Dodano:   /  Zmieniono: 
Fot. A. Jagielak/Wprost 
Jest "istotny rozdźwięk" między zeznaniami Janusza Kaczmarka a ustaleniami śledztwa w sprawie przecieku z akcji CBA w resorcie rolnictwa - ujawnił minister sprawiedliwości Zbigniew Ziobro.

Według niego, "takie rozminięcie się z prawdą może mieć istotne znaczenie dla ustalenia odpowiedzialności za sam przeciek".

Ziobro oświadczył dziennikarzom, że prokuratorzy prowadzący to śledztwo stoją na stanowisku, iż Kaczmarek, zeznając jako świadek pod groźbą odpowiedzialności karnej, "minął się z ustaleniami śledztwa, które są z punktu widzenia prokuratorów oczywiste". Zastrzegł, że te fakty "nie przesądzają roli procesowej" Kaczmarka.

Według Ziobry, Kaczmarek "miał prawo wiedzieć" jako szef MSWiA o akcji CBA w resorcie rolnictwa, a nawet "powinien być o niej poinformowany"; wiedział też o niej jeszcze jako Prokurator Krajowy. Ziobro nie odpowiedział wprost na pytanie, czy Kaczmarek mógł być źródłem przecieku. Dodał, że jego rozminięcie się z prawdą "może mieć istotne znaczenie dla ustalenia odpowiedzialności za sam przeciek".
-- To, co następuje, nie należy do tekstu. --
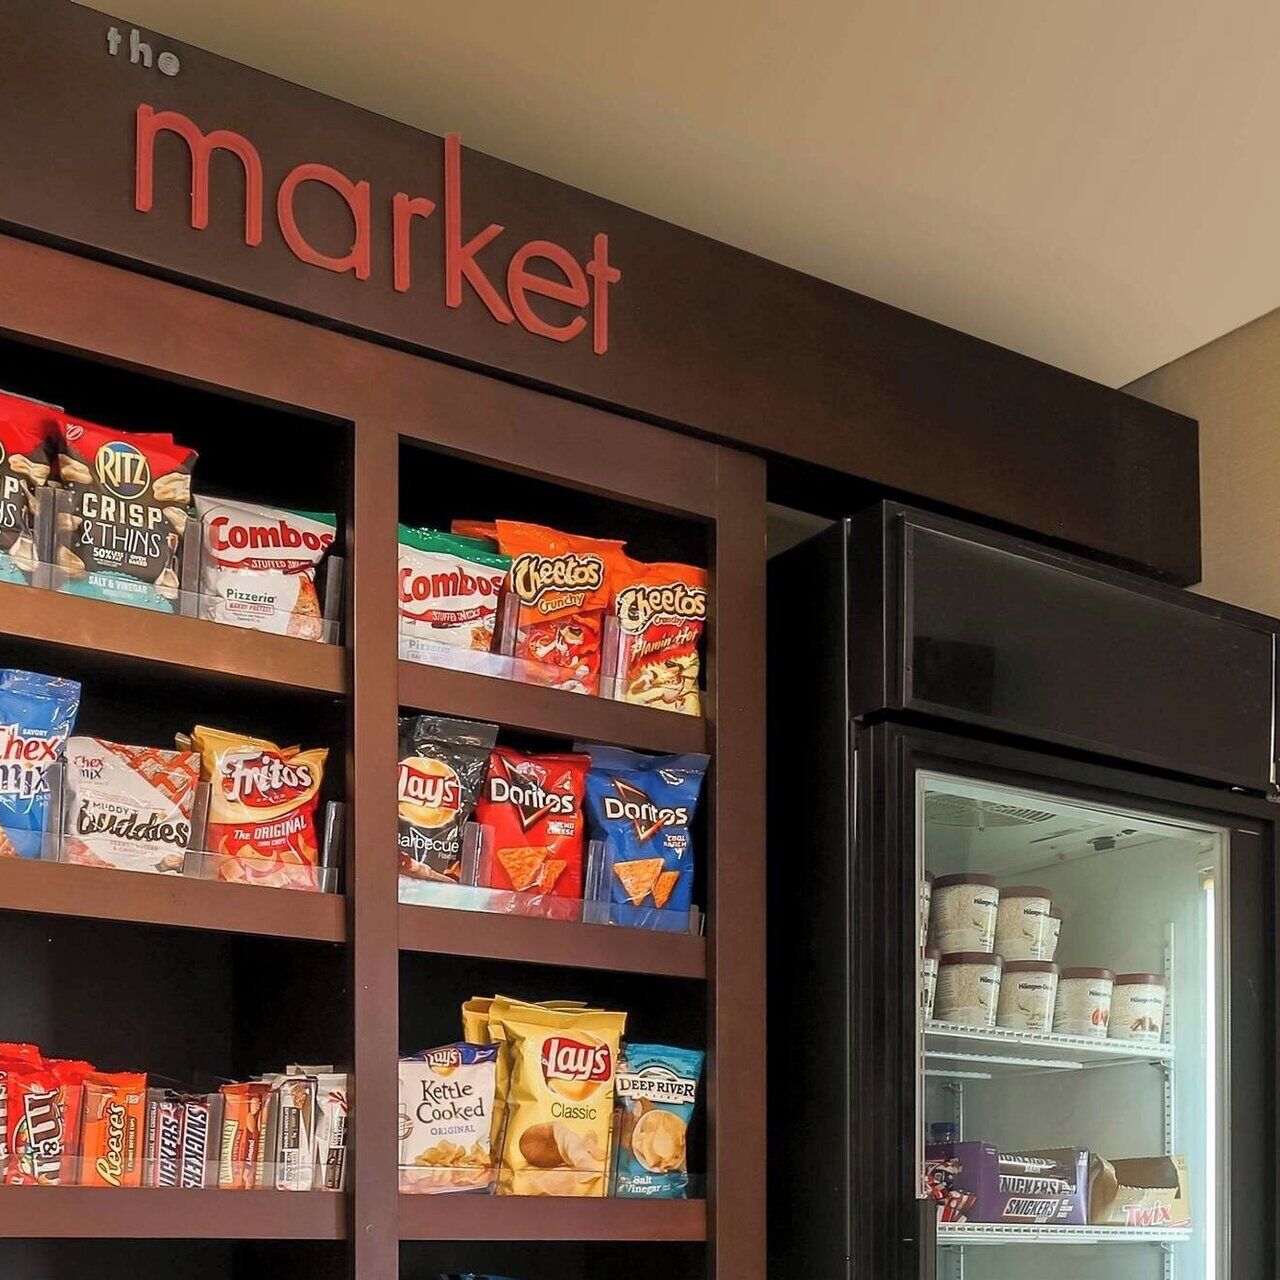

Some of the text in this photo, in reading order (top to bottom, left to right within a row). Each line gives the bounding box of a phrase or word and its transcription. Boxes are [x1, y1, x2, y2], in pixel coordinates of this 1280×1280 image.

[107, 26, 181, 77] the
[135, 103, 621, 355] market
[98, 446, 148, 487] RITZ
[82, 492, 163, 531] CRISP
[81, 522, 162, 559] & THINS
[208, 516, 334, 552] Combos
[93, 546, 113, 561] 50%
[251, 558, 287, 570] STUFFED
[88, 574, 149, 594] SALT VINEGAR
[399, 566, 502, 603] Combos
[513, 555, 604, 601] Cheetos
[226, 588, 276, 604] Pizzeria
[538, 592, 585, 614] Crunchy
[432, 610, 458, 622] STUFFED
[619, 586, 707, 630] Cheetos
[652, 615, 685, 627] Crunchy
[22, 728, 48, 737] SAVORY
[72, 756, 104, 769] Chex
[80, 767, 103, 780] mix
[220, 751, 313, 803] Fritos
[399, 763, 461, 809] Lay's
[490, 776, 574, 815] Doritos
[92, 801, 131, 815] MUDDY
[604, 797, 688, 827] Doritos
[78, 799, 190, 848] buddies
[233, 816, 307, 840] The ORIGINAL
[546, 827, 576, 836] CHEESE
[398, 831, 460, 853] Barbecue
[663, 840, 688, 848] RANCH
[665, 833, 687, 842] COOL
[428, 1049, 459, 1069] Lay's
[545, 1038, 610, 1082] Lay's
[420, 1079, 475, 1104] Kettle
[619, 1078, 695, 1097] DEEP RIVER
[416, 1097, 486, 1124] Cooked
[550, 1101, 598, 1121] Classic
[430, 1124, 477, 1136] ORIGINAL
[95, 1103, 127, 1187] Reese's
[632, 1174, 654, 1186] Salt
[1004, 1199, 1059, 1217] SNICKERS
[1122, 1200, 1173, 1228] Twix
Ziobro przyznał, że w śledztwie w sprawie przecieku brano pod uwagę "rozmaite zdarzenia". Dodał, że nie ma podejrzeń o przeciek wobec innych ministrów (jak uważa Kaczmarek). Ziobro zapowiedział, że opinia publiczna pozna, gdy będzie to możliwe, szczegóły tego śledztwa, które dziś jest niejawne. Minister zapewnił, że jest ono prowadzone bardzo intensywnie - z udziałem m.in. ABW. Zeznawał już on sam, jak i szef CBA Mariusz Kamiński.
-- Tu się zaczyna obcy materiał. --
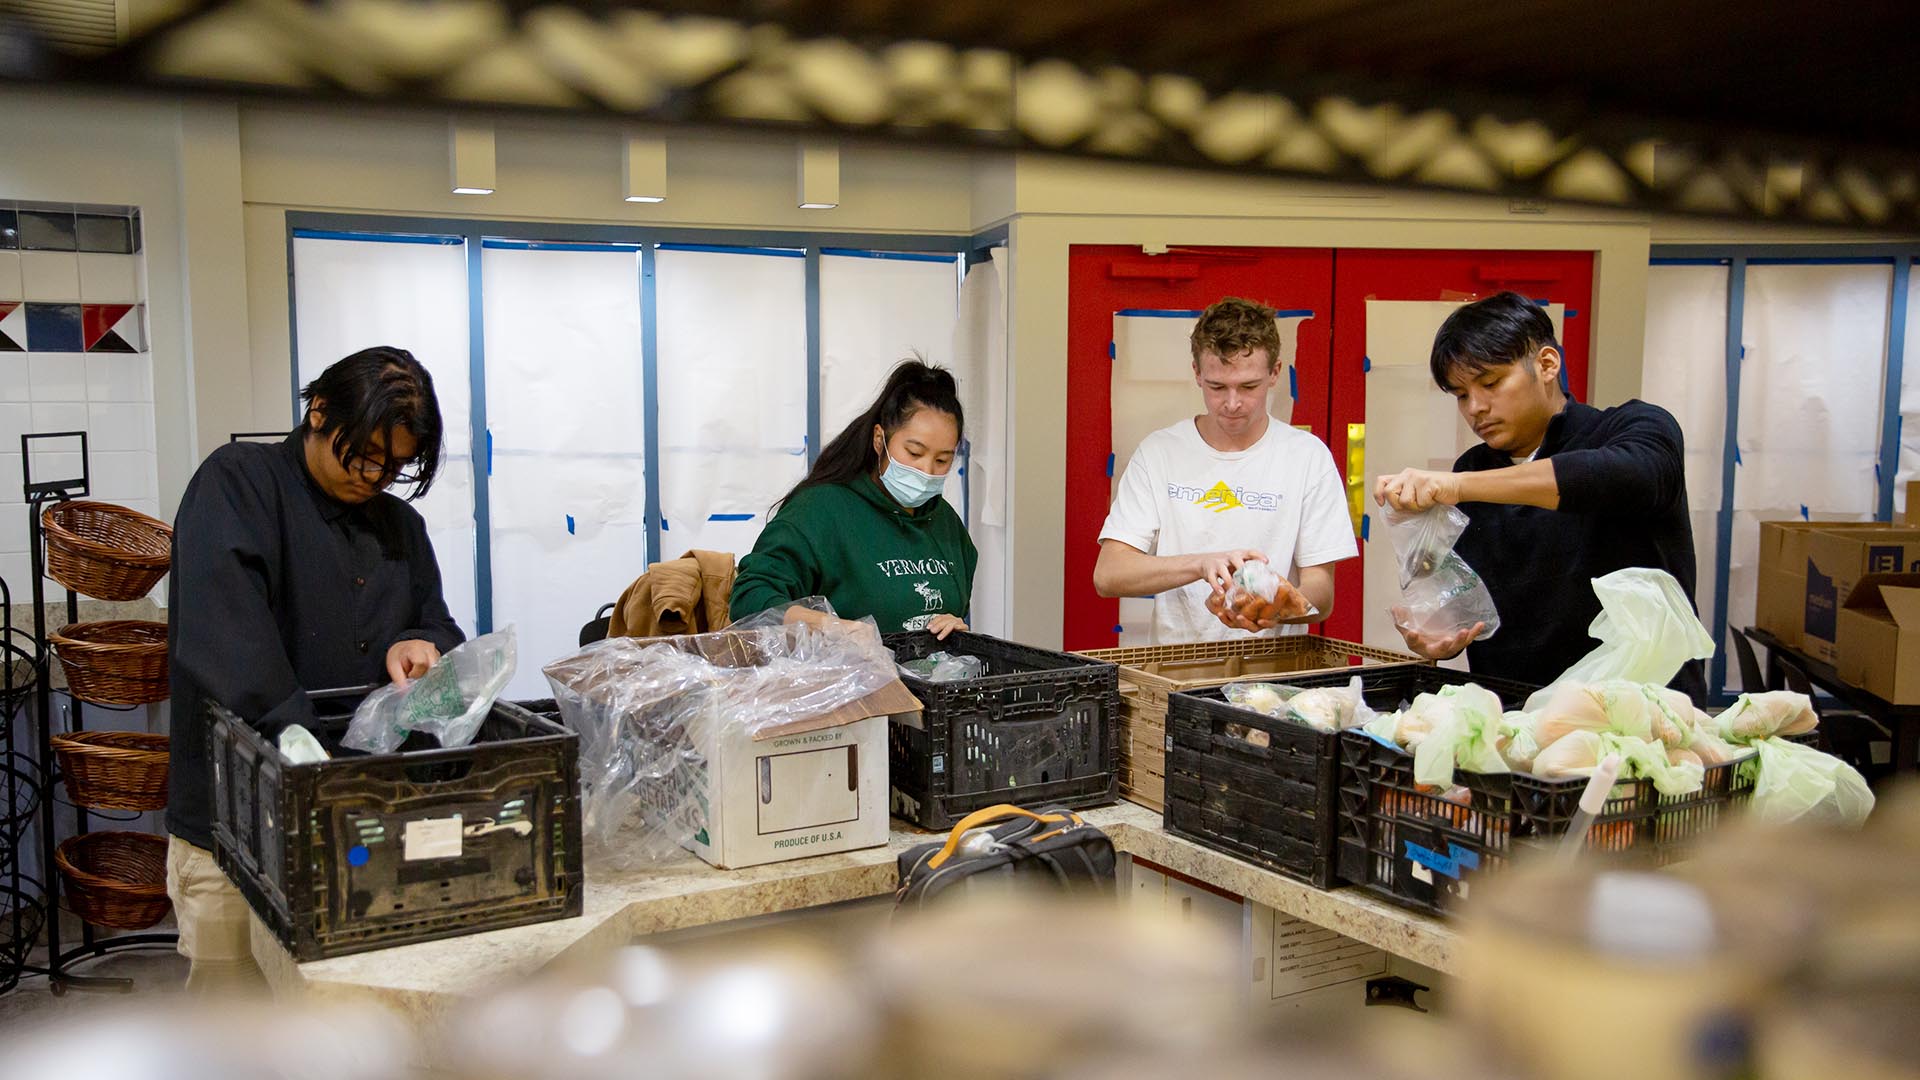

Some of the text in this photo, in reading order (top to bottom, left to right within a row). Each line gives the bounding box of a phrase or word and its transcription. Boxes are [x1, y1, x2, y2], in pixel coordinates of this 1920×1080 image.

[774, 738, 801, 748] GROWN
[809, 734, 834, 744] PACKED
[774, 836, 809, 849] PRODUCE
[810, 834, 820, 844] OF
Minister dodał, że nie sądził, iż kiedykolwiek stanie wobec tak "ciężkiej próby, najcięższej z możliwych", gdy "osoba, której też ufał, pojawiła się w sferze podejrzeń". Mówił, że wolałby, by to wszystko "było snem, złym snem", że to jego najtrudniejszy dzień.

Podkreślił zarazem, że "bez względu na polityczną i osobistą cenę" najważniejsza jest wierność zasadom PiS, iż "nie ma równych i równiejszych" oraz że skończył się czas taryfy ulgowej dla ludzi władzy.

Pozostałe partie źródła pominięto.